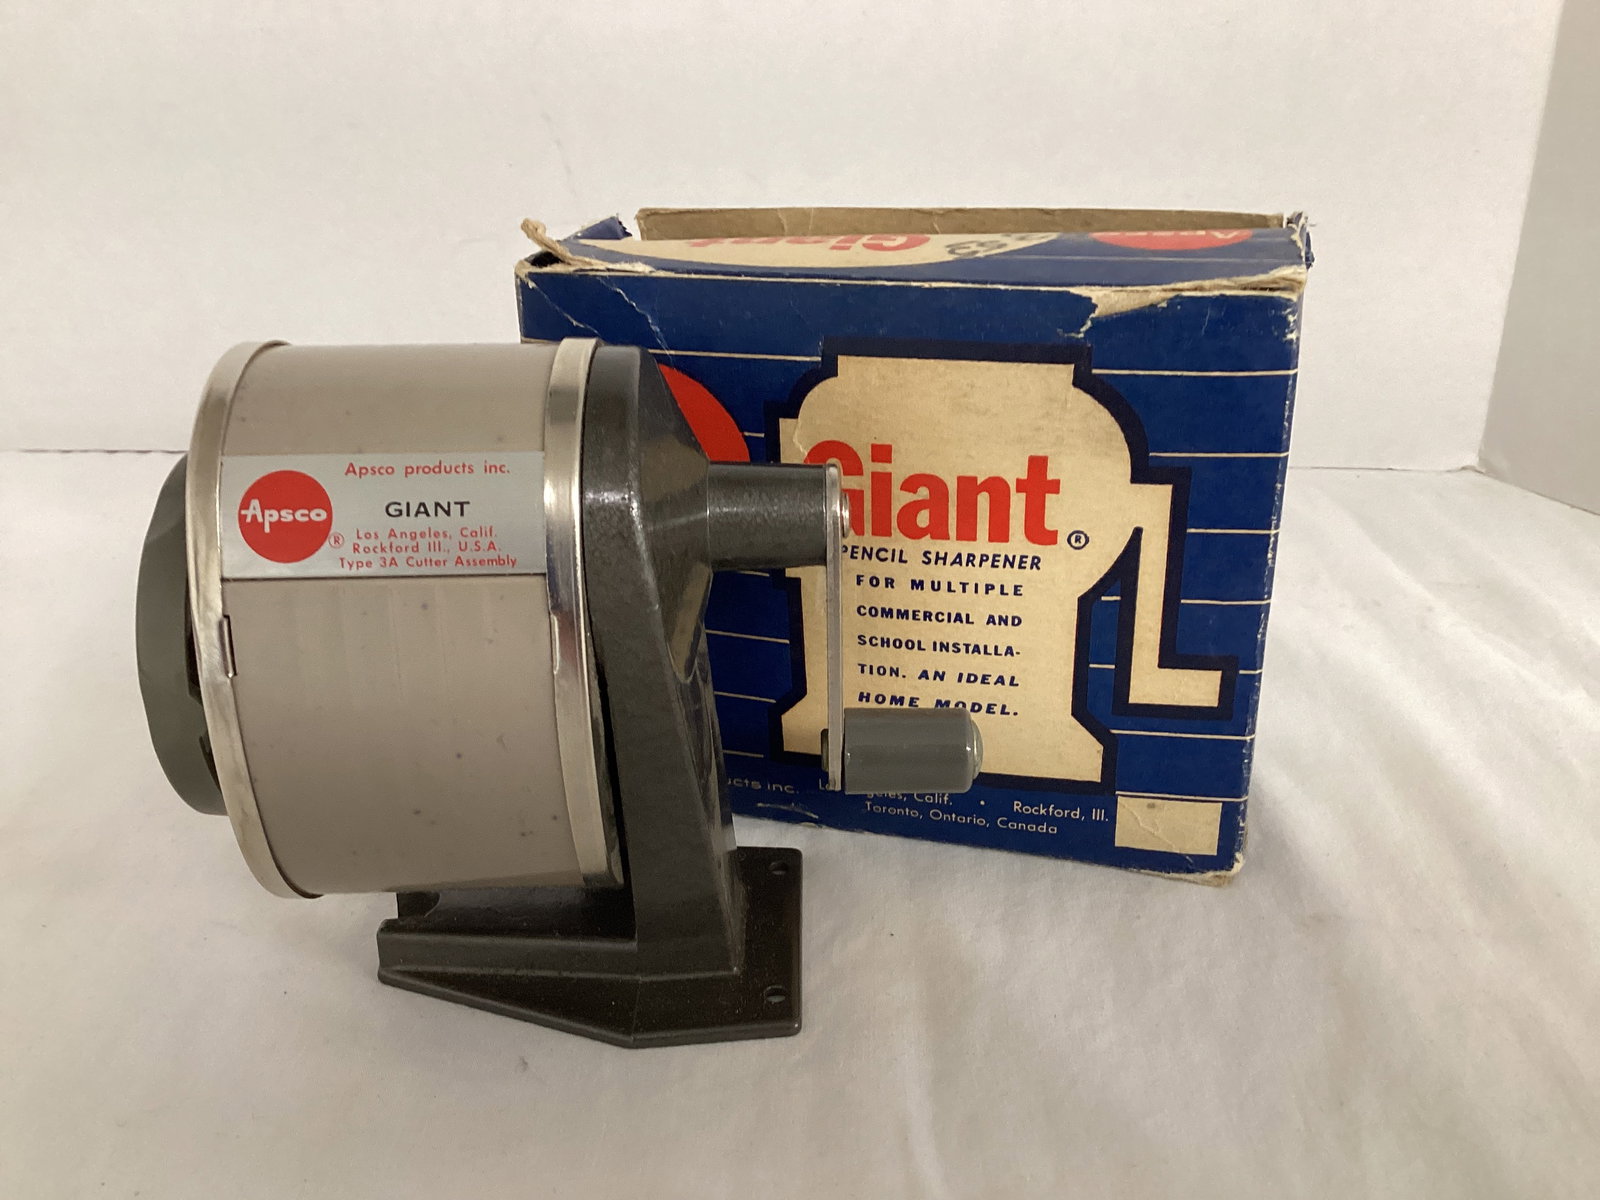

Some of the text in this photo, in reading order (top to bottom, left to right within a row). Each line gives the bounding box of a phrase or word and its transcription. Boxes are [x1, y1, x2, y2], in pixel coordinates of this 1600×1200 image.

[344, 459, 511, 479] Apsco products inc.
[803, 440, 1060, 546] Giant
[240, 498, 328, 533] Apsco
[384, 501, 471, 518] GIANT
[356, 525, 498, 541] Los Angeles, Calif.
[352, 541, 420, 554] Rockford
[338, 553, 517, 571] Type 3A Cutter Assembly
[921, 550, 1042, 571] SHARPENER
[856, 574, 1024, 597] FOR MULTIPLE
[856, 604, 1023, 627] COMMERCIAL AND
[857, 634, 1021, 657] SCHOOL INSTALLA-
[857, 663, 1020, 687] TION. AN IDEAL
[858, 691, 1019, 716] HOME MODEL.
[865, 801, 1058, 834] Toronto, Ontario, Canada
[1013, 800, 1086, 821] Rockford,

◆ ◆ ◆ ◆ ◆ ◆ ◆

Exercise prompt:
Write the data above out again exactly, every line of it, and exclude the pictures.

Exercise result:
Some of the text in this photo, in reading order (top to bottom, left to right within a row). Each line gives the bounding box of a phrase or word and its transcription. Boxes are [x1, y1, x2, y2], in pixel coordinates of this 1600×1200 image.

[344, 459, 511, 479] Apsco products inc.
[803, 440, 1060, 546] Giant
[240, 498, 328, 533] Apsco
[384, 501, 471, 518] GIANT
[356, 525, 498, 541] Los Angeles, Calif.
[352, 541, 420, 554] Rockford
[338, 553, 517, 571] Type 3A Cutter Assembly
[921, 550, 1042, 571] SHARPENER
[856, 574, 1024, 597] FOR MULTIPLE
[856, 604, 1023, 627] COMMERCIAL AND
[857, 634, 1021, 657] SCHOOL INSTALLA-
[857, 663, 1020, 687] TION. AN IDEAL
[858, 691, 1019, 716] HOME MODEL.
[865, 801, 1058, 834] Toronto, Ontario, Canada
[1013, 800, 1086, 821] Rockford,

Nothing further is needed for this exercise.